NUSANTARA — Universitas Gunadarma memastikan kampusnya di Ibu Kota Nusantara (IKN) mulai beroperasi pada 2026. Perkuliahan perdana dijadwalkan berlangsung pada 28 September 2026, menandai kehadiran salah satu perguruan tinggi pertama di kawasan tersebut.
Kepastian itu disampaikan Rektor Universitas Gunadarma, E S Margianti, saat kunjungan ke kawasan balai kota IKN, Kamis (16/4/2026).
“Kemarin sore, saya sudah melihat langsung gedung pertama yang memiliki tujuh lantai. Begitu izin keluar, dan saat ini terlihat sudah aman, kami akan segera melaksanakan perkuliahan tersebut pada semester ini, dengan kuliah perdana direncanakan pada tanggal 28 September tahun ini (Tahun 2026),” ujar Margianti.
Pada tahap awal, kampus ini akan membuka delapan program studi jenjang Strata 1, yakni Teknik Sipil, Arsitektur, Informatika, Sistem Informasi, Ilmu Komunikasi, Psikologi, Akuntansi, dan Manajemen. Program tersebut disiapkan untuk mendukung kebutuhan pembangunan serta penguatan ekosistem digital di kawasan IKN.
Saat ini, pembangunan Kampus Nusantara 1 di Kawasan Inti Pusat Pemerintahan (KIPP) telah memasuki tahap awal dengan satu tower yang berdiri dari total rencana tiga tower. Sementara itu, pengembangan Kampus Nusantara 2 berlokasi di Desa Girimukti, Kecamatan Penajam, Kabupaten Penajam Paser Utara.

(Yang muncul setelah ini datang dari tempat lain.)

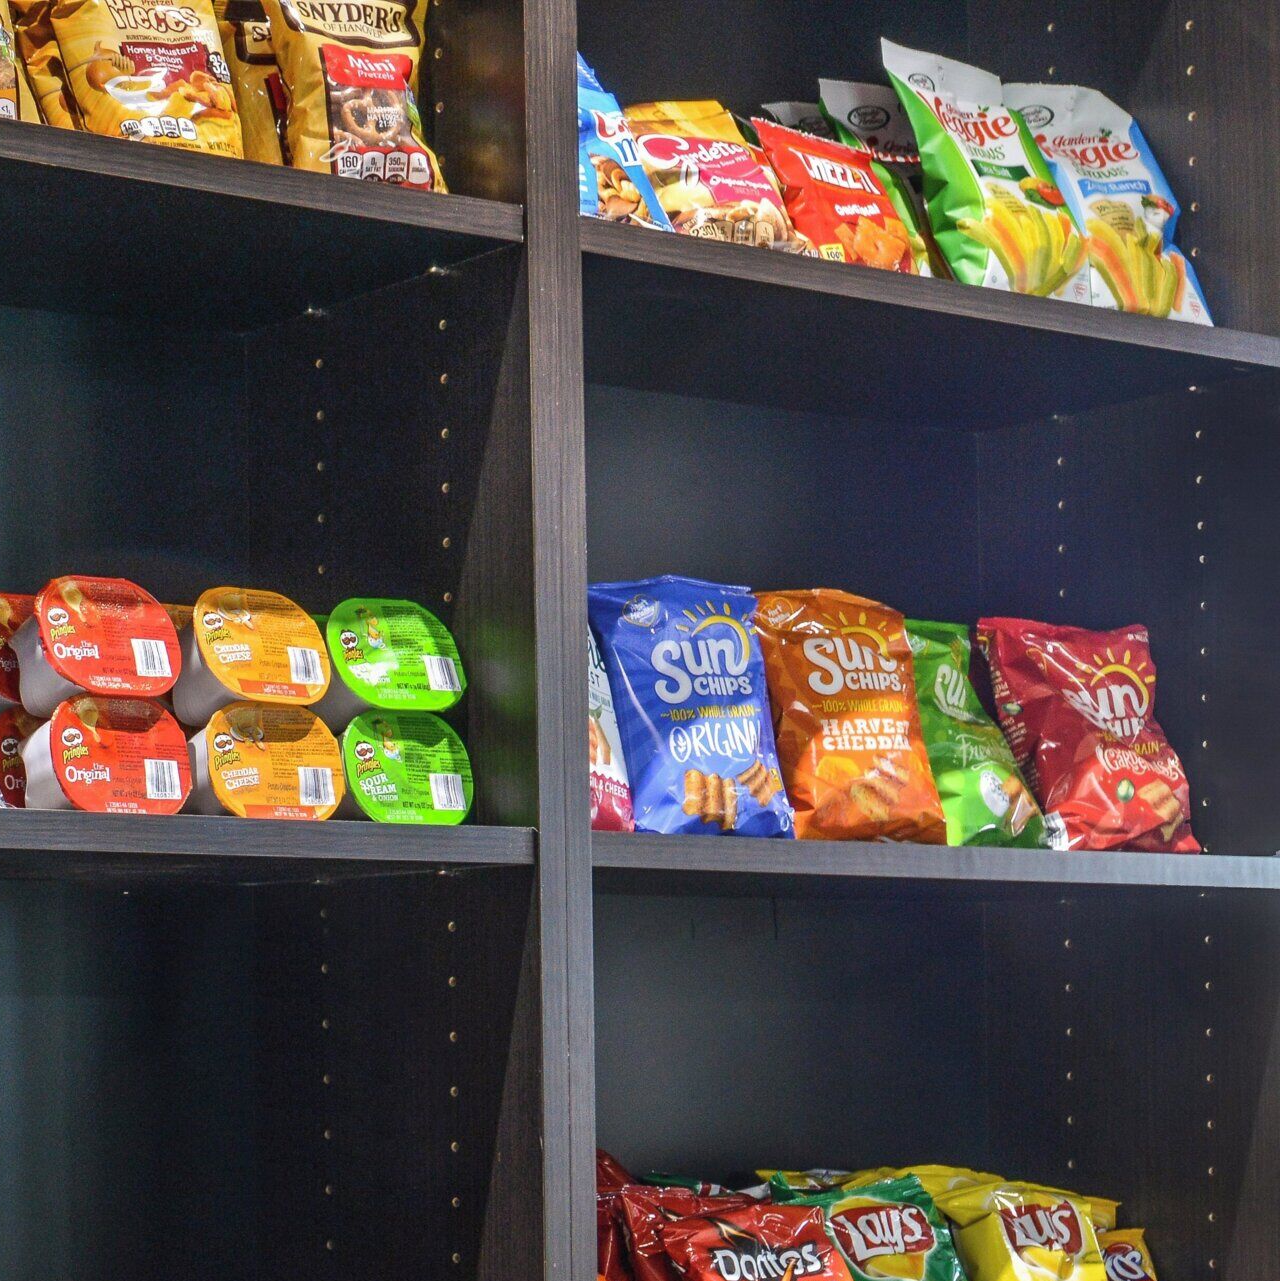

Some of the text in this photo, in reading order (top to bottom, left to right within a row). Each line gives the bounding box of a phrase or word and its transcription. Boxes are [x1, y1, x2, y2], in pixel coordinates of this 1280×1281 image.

[299, 0, 404, 33] SNYDER'S
[335, 24, 383, 39] HANOVER
[126, 45, 198, 55] Honey Mustard
[348, 54, 396, 73] Mini
[357, 70, 395, 81] Pretzels
[340, 155, 359, 169] 160
[50, 624, 76, 642] Pringles
[204, 628, 231, 645] Pringles
[53, 641, 100, 660] Original
[218, 651, 252, 664] CHEESE
[650, 639, 749, 704] Sun
[803, 637, 898, 696] Sun
[693, 674, 753, 696] CHIPS
[844, 671, 902, 692] CHIPS
[847, 700, 877, 712] WHOLE
[820, 718, 910, 737] HARVEST
[62, 745, 89, 764] Pringles
[214, 752, 240, 770] Pringles
[65, 764, 111, 783] Original
[221, 767, 260, 779] CHEDDAR
[356, 760, 382, 778] Pringles
[225, 776, 260, 790] CHEESE
[359, 773, 388, 787] SOUR
[364, 784, 396, 795] CREAM
[605, 782, 628, 798] CHEESE
[830, 1205, 924, 1261] Lay's

Sebelum operasional penuh, Universitas Gunadarma telah memulai kegiatan pembelajaran melalui tahap soft launching berbasis smart classroom sejak September 2025.
“Sebetulnya kami sudah memulai kuliah perdana dalam bentuk soft launching melalui smart classroom. Kegiatan ini dilaksanakan pada bulan September tahun lalu dalam bentuk pembelajaran jarak jauh yang terhubung ke lima lokasi, termasuk hingga ke Prancis,” terangnya.

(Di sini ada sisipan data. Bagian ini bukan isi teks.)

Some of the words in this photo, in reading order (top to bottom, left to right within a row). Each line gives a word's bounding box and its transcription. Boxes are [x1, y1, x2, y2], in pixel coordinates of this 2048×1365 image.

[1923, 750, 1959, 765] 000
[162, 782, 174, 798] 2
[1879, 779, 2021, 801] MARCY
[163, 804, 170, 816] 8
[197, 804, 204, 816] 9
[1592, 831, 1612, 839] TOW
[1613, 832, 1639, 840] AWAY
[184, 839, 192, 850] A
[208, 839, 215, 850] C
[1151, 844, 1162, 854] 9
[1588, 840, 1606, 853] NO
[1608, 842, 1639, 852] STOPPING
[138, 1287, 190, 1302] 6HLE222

Kepala Otorita IKN, Basuki Hadimuljono, menyatakan dukungan terhadap kehadiran Universitas Gunadarma sebagai bagian dari penguatan ekosistem pendidikan di ibu kota baru.
“Kami siap mendukung untuk Universitas Gunadarma dalam memberikan pengajaran kepada generasi muda, khususnya masyarakat Nusantara. Ini serius,” jelas Basuki.
Dengan kapasitas awal, kampus ini diperkirakan mampu menampung sekitar 1.500 mahasiswa. Universitas Gunadarma juga menyediakan berbagai skema beasiswa, termasuk melalui program Kartu Indonesia Pintar (KIP), guna memperluas akses pendidikan.
Kehadiran Universitas Gunadarma di IKN diharapkan menjadi langkah awal pengembangan sektor pendidikan tinggi di ibu kota baru, sekaligus mendukung penyediaan sumber daya manusia yang dibutuhkan dalam pembangunan kawasan Nusantara.